偏头痛是常见的慢性神经血管性疾病，已严重危害人类健康。经典名方大川芎方在临床上治疗偏头痛效果显著，但其药效物质尚不明确。申请者前期工作显示，大川芎方能明显改善硝酸甘油致偏头痛模型大鼠作用，其苄醇酯类在体内转化为天麻素和柠檬酸，其烷基苯酞类在体内转化为羟基苯酞类，其药材、血浆、脑组织中的成分在数量及含量上存在差异，表现为多源归一性。此外，申请者成功利用电化学系统模拟藁本内酯等成分的代谢，并分离制备得到产物。本项目将继续从体内药源性成分（原型成分和代谢产物）识别入手，研究“体外-体内”成分之间的代谢、传递和变化规律，并利用电化学系统模拟其代谢及分离制备代谢产物，结合现代分离制备技术定向高效制备原型成分，在此基础上，展开活性评价和作用机制研究，建立“成分识别-分离鉴定-活性评价-作用机制”策略，阐明大川芎方治疗偏头痛的药效物质基础及作用机制，为发现体内药效物质及研发新药奠定基础和提供科学依据。

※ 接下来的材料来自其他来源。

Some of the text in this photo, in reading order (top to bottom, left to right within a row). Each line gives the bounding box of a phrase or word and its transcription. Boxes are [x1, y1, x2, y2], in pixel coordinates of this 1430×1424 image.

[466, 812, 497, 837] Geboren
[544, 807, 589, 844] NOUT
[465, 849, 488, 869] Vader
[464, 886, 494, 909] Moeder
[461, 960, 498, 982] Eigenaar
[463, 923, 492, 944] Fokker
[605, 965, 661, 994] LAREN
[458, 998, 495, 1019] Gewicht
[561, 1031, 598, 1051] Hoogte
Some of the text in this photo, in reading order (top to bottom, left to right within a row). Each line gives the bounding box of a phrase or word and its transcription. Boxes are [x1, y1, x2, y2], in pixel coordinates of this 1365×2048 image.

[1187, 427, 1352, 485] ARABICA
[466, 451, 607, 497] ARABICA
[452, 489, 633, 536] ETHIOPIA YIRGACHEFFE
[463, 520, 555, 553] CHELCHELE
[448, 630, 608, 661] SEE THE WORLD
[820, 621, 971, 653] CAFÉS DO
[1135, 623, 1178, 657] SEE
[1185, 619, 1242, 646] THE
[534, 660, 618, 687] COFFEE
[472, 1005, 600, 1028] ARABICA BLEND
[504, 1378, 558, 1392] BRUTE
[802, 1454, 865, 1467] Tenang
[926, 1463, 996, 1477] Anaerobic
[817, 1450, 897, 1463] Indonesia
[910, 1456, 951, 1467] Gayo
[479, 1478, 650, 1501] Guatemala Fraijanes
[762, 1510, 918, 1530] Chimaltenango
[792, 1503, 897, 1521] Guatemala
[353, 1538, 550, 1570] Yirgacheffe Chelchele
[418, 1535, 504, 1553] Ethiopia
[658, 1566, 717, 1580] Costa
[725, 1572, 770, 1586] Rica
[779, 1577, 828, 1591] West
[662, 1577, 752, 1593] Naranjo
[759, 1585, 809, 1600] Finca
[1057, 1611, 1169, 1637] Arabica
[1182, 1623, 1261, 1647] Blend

大川芎方治疗偏头痛效果显著，辨识真实存在于体内血浆和靶器官中的药源性成分（原型成分及代谢产物）以及突破药源性成分制备，对阐明其药效物质及作用机制具有理论和应用价值。本项目进展如下：①利用代谢组学差异识别大川芎方入血药源性成分有179个（原型成分42个、代谢产物137个），而脑组织中仅发现29个（原型成分12个，代谢产物17个），主要为酚酸类、羟基苯酞类及代谢产物。②通过HPLC-QQQ-MS方法定量测定体内血浆中原型成分暴露量，明确了阿魏酸、洋A、藁本内酯、正丁基苯酞、洋I暴露量较高，基于半定量法发现羟基苯酞类（如洋川芎内酯F、B和洋川芎内酯I/J的硫酸化、N-乙酰化半胱氨酸、谷胱甘肽结合物等）、酚酸类（如阿魏酸、香草酸及硫酸化结合物）暴露量较高，而体外制剂中含量较高的成分依次为天麻素、洋川芎内酯I、阿魏酸、巴利森苷、洋川芎内酯A等。③通过“体外-体内”成分之间的代谢、传递和变化规律研究发现烷基苯酞类成分进入体内易发生氧化、还原等一相代谢转化为羟基苯酞类，进而发生半胱氨酸、谷胱甘肽结合等二相代谢，酚酸类及巴利森苷类易发生酸、碱、酶水解，且基于峰面积进一步探讨了主要药源性成分血药浓度随时间变化规律，其中羟基苯酞类化合物进入血浆后呈双峰，分别在0.25/0.75, 1/1.5h达峰，而其谷胱甘肽结合物迅速在0.25h达峰；二聚体苯酞类化合物在1.5h达峰；大部分酚酸类部分化合物进入血浆后在5min迅速达峰后迅速代谢，在12h内基本消除。④利用电化学模拟系统等方法分离制备得到38个原型成分及12个代谢产物，并实验验证了天麻素及其代谢产物、藁本内酯、欧当归内酯A等对神经和内皮细胞具有保护作用活性，且在一定程度上天麻素的氧化代谢产物活性相较天麻素高。⑤通过分子对接筛选发现大川芎方中入脑的大部分药源性成分均与抗偏头痛靶蛋白结合，为潜在效应成分，其中羟基苯酞类成分的半胱氨酸和谷胱甘肽类代谢物与靶蛋白的结合作用最强；通过网络药理学研究发现大川芎方治疗偏头痛的作用机制有神经调节、血管作用、抗炎、氨基酸代谢，涉及GABA能突触、VEGF、IL-17和TNF等14个作用通路。本项目共发表文章7篇，2篇为SCI杂志收录论文，5篇为中文核心期刊论文，协助培养硕士2名。